Miners, Vofafone lift FTSE; defensives struggle

282 views
1 min read

Britain's top share index rose on Thursday as miners gained on firmer metals prices which were boosted by a brightening demand outlook, while mobile phone heavyweight Vodafone rose after an upgrade from Nomura.
Gains were offset by weaker defensive tobacco and pharmaceuticals stocks as investors switched to companies more geared to economic growth.
By 0758 GMT the FTSE 100 was 21.00 points, or 0.4% higher after it gained 1.5% on Wednesday, its best closing level since April 26. The index has gained 10 since the start of September.
U.S. stock indexes hit their highest level in five months on Wednesday as stronger-than-expected earnings from JP Morgan Cazenove and Intel and the U.S. dollar tumbled to a 10-month low.
The strong earnings and weak dollar both helped metal prices extend recent lofty gains with copper reaching a new 27-month high, which in turn prompted gains in miners. Xstrata gained 2.3% and Lonmin added 1.1%.

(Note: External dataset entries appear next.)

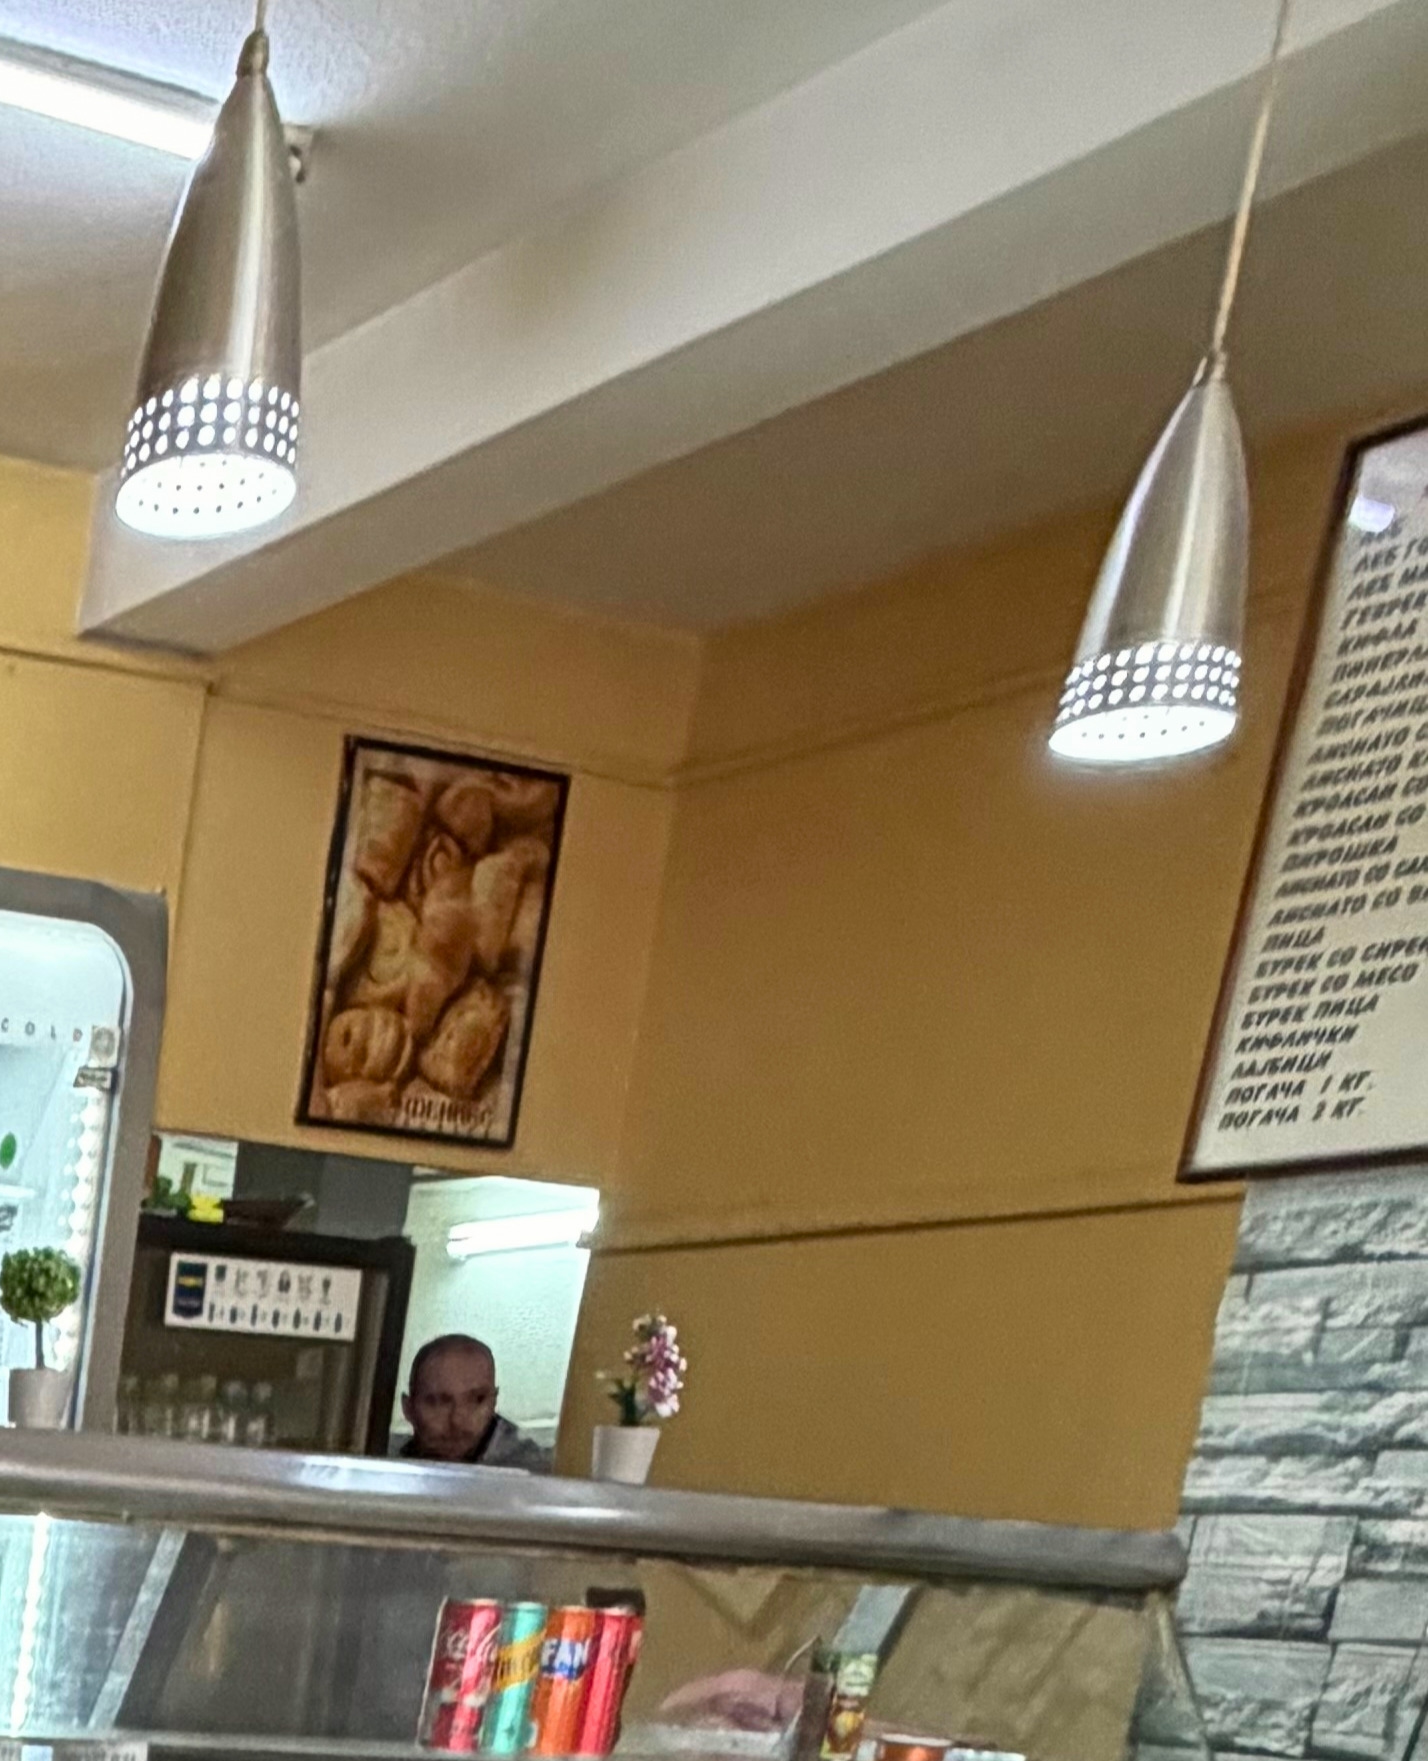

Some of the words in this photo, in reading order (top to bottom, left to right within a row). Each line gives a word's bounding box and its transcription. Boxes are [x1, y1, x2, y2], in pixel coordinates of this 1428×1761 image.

[1293, 782, 1397, 818] КРОАСАН
[1287, 811, 1392, 846] КРОАСАН
[1395, 803, 1426, 826] СО
[1281, 834, 1397, 872] ПИРОШКА
[1364, 863, 1391, 886] СО
[1267, 893, 1366, 927] ЛИСНАТО
[1371, 886, 1402, 911] СО
[1262, 926, 1324, 952] ПИЦА
[1255, 952, 1324, 978] БУРЕК
[1326, 947, 1356, 968] СО
[1248, 979, 1317, 1004] БУРЕК
[1320, 974, 1349, 994] СО
[1353, 963, 1419, 990] МЕСО
[1241, 1003, 1310, 1030] БУРЕК
[1313, 993, 1379, 1019] ПИЦА
[0, 1017, 84, 1043] COLD
[1235, 1024, 1359, 1052] КИФЛИЧКИ
[1225, 1079, 1305, 1106] ПОГАЧА
[1320, 1074, 1333, 1095] 1
[1218, 1105, 1299, 1131] ПОГАЧА

"It's a culmination of weaker dollar prices and commodity prices looking attractive," Yusuf Heusen, senior sales trader at IG Index said.

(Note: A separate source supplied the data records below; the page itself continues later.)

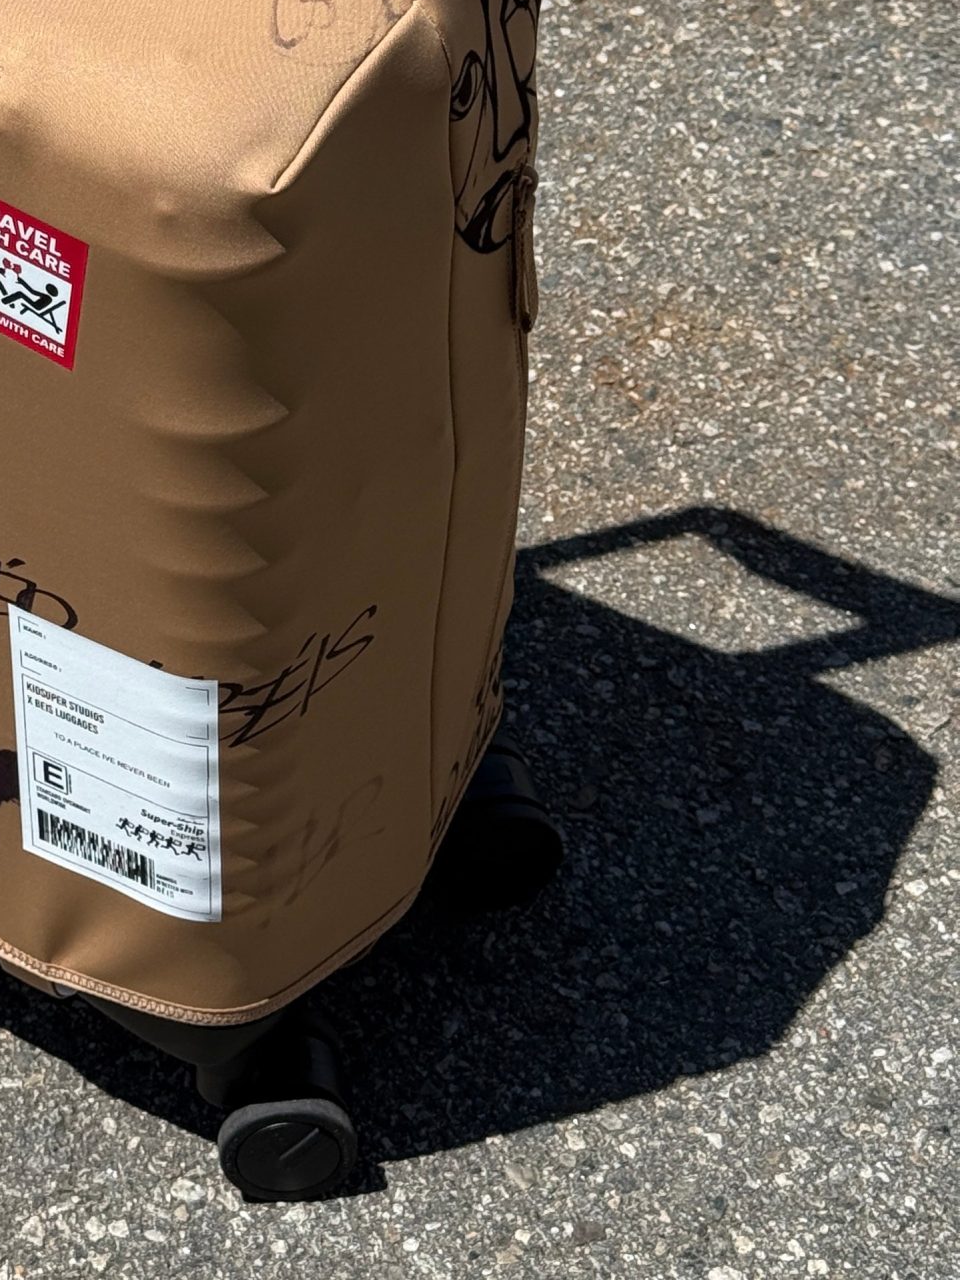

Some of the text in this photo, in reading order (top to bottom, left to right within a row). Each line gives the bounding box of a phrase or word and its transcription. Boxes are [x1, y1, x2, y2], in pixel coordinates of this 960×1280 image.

[15, 239, 71, 278] CARE
[32, 333, 64, 358] CARE
[26, 681, 105, 724] KIDSUPER STUDIOS
[27, 694, 33, 706] X
[55, 707, 99, 734] LUGGAGES
[54, 731, 66, 742] TO
[73, 740, 101, 758] PLACE
[43, 760, 64, 790] E

"The markets shrugged off weaker data previously and more recently the data's been stronger, so there's a continuation of the rise."
African Barrick Gold led fallers, however, down 8.9% after it cut its 2010 production target for the second time in three months after it uncovered fuel theft at its new Buzwagi mine and suspended 40% of miners there.

VODAFONE VIBRANT
Vodafone provided the biggest single boost to the index, gaining 1.8% after Nomura upgraded it to "buy" from "neutral" citing positive earnings momentum.
Other stocks perceived as being resilient in the face of economic hard times were weaker, however, as investors switched to more cyclical stocks, with Imperial Tobacco down 1.3% and drugmaker AstraZeneca off 0.3%.
ARM Holdings was up 1.7%, lifted by the strong results from U.S. rival Intel.
No British data is due for release on Thursday, so investors will look to U.S. September producer prices, August international trade figures, and the latest weekly jobless claims numbers to provide some macroeconomic direction in the afternoon.
September PPI is seen up 0.2% on the month, and ahead 3.7% year-on-year, after 0.4 and 3.1% increases respectively for wholesale inflation in August.
"We'll see what happens in the U.S., if there is poor data and it's shrugged off, it's another bullish sign," said Heusen at IG index.
Technical levels were also being closely watched, with the next significant resistance at 5,795, a peak level hit three times in April just after the previous peak at 5,835, said Michael Hewson, markets analyst at CMC Markets.